I would gladly share in conversations with you.  I hope that the bees I have
have some resistance to the mites.  I was told that the varola has been here
for 9 to 10 years.  The buckfast drone brood had them, I checked the brown
ones and didn't find any when I opened them up.  I treated the bees last
fall with those apistain strips, and they are at the moment having a
treatment of formic acid pads.  The brown bees have never offered to sting
me.  I've only been stung once by them.  The last time I worked the buckfast
they got in my suit and stung me 11 times.
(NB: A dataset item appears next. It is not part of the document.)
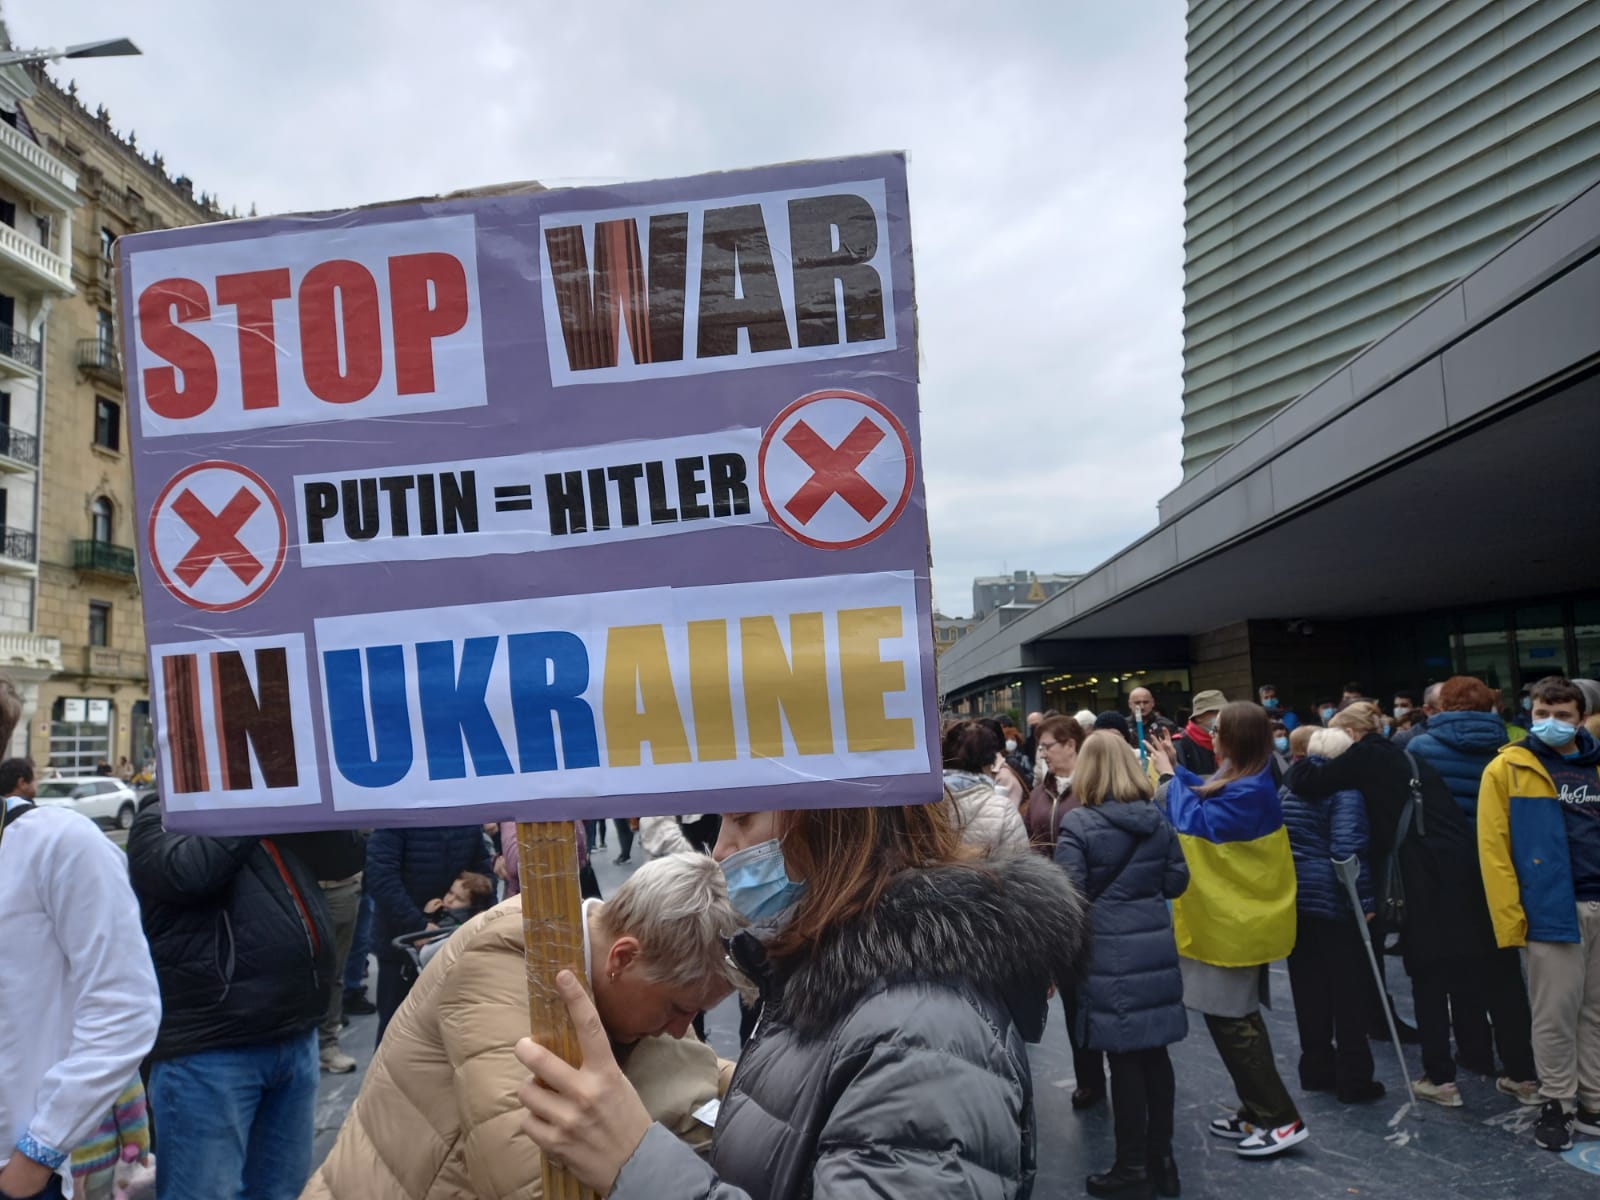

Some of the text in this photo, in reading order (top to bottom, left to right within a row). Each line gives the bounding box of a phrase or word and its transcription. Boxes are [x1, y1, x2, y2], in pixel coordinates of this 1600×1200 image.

[138, 194, 886, 419] STOP WAR
[304, 452, 751, 544] PUTIN = HITLER
[161, 605, 915, 794] IN UKRAINE
They were always hot heads.
 
regards
 
Debbie Hutchings
507 Hutchings Road                             fax/phone  1(613)273-3265
Westport, Ontario                              home phone 1(613)273-5325
KOG 1XO
Canada
 
P.S.  These bees have a black thorax, with dark brown/tan body hair, then
the first band on their abdoman is a bit wider than the rest of the bands,
it is brown/tan in colour, the next is a black narrower band, then a narrow
brown/tan, then a narrow black, then narrow brown/tan, and then the tip of
their abdoman looks like someone dipped them in black paint. They look to be
smaller than buckfast, and they are all coloured the same, whereas I noticed
that the buckfast verried in uneven markings to different shades of colours.
    The drones of the brown bees are black with chocolate brown hair.  The
buckfast drones are lighter with a golden body hair.